Foundation-model reconstruction#
Embed cells with a frozen pretrained FM, train a lightweight MLP decoder on top, score the reconstruction. The pipeline is identical for SE (STATE), scGPT, scConcept, SCimilarity, or your own FM — only step 1 swaps the wrapper class.
Pipeline
Data — load expression, split train / test.
Embed — run the FM on both splits, store at
adata.obsm["X_fm"].Train a lightweight MLP decoder on
(Z_train, X_train).Reconstruct — decode the held-out embeddings into
adata_pred.Score —
compute_all_metrics(adata_test, adata_pred).Compare multiple FMs — stack scores and render the funky map.
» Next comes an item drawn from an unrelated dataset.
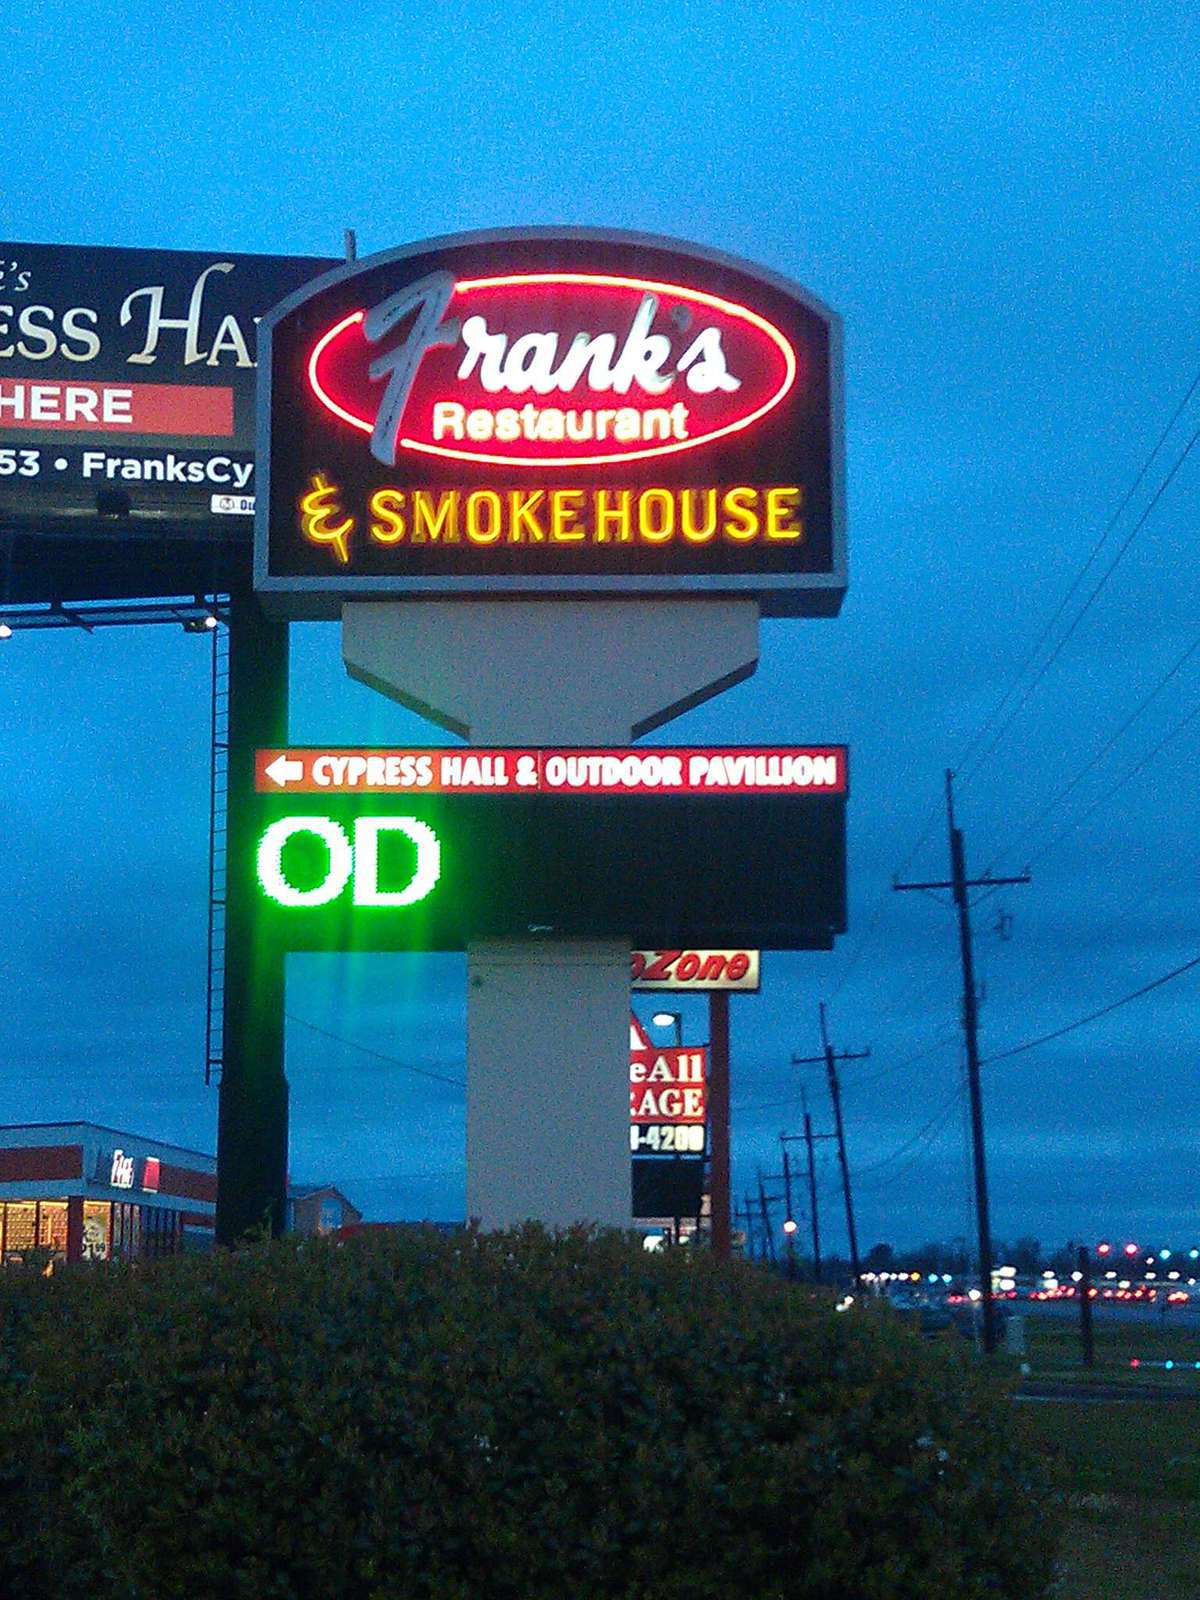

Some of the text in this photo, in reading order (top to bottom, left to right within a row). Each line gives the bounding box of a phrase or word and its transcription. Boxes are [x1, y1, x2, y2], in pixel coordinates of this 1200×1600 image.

We use SE as the concrete FM (it runs in the same cstm_scvi_env
as the rest of the tutorial). The other FMs each need their own conda
env; swap the wrapper class in step 1 and the rest of the pipeline is
unchanged.
import os, sys, warnings
from pathlib import Path
# Disable tqdm progress bars: in nbconvert, tqdm + state's dataloader
# workers stall the kernel via the ZMQ stdout pipe (see fm.ipynb timeouts).
# Has to be set BEFORE any module imports tqdm.
os.environ["TQDM_DISABLE"] = "1"
# Prefer the public src over any pip-installed sc_reconstruction (which may
# come from a stale private clone in the active env).
sys.path.insert(0, str(Path("..").resolve() / "src"))
import numpy as np
import pandas as pd
import scanpy as sc
import torch
import lightning as L
from anndata import AnnData
from torch.utils.data import DataLoader, Dataset
warnings.filterwarnings("ignore")
# Pick ONE FM. The others are listed for reference — uncomment the one whose
# weights you have and whose env you are running in.
from sc_reconstruction.models.reconse import ReconPretrainedStateModel
# from sc_reconstruction.models.reconscgpt import ReconPretrainedscGPT
# from sc_reconstruction.models.reconscconcept import ReconPretrainedscConcept
# from sc_reconstruction.models.reconscimilarity import ReconPretrainedscimilarity
0. Data — perturbed / control split#
We use the tutorial-sized LuCA panel that ships with the repo (500 cells, 643 genes, already normalised + log1p, gene symbols match the cell-cycle / PROGENy / cytokine resource lists).
LuCA’s obs['origin'] separates the cells into matched
tumor_primary (perturbed) and normal_adjacent (control) groups —
the same split used by the paper’s eval scripts so the DEG metric can
compare predicted-vs-true differential genes. We hold out 20% of the
tumor cells for evaluation; the control cells are used in full as the
reference.
from sc_reconstruction.metrics import (
load_cell_cycle_genes, load_progeny, load_cytokine_dict_from_csv,
)
FROZEN = Path("../analysis/data/frozen")
CYTO_CSV = FROZEN / "cytokine_act_merged.csv"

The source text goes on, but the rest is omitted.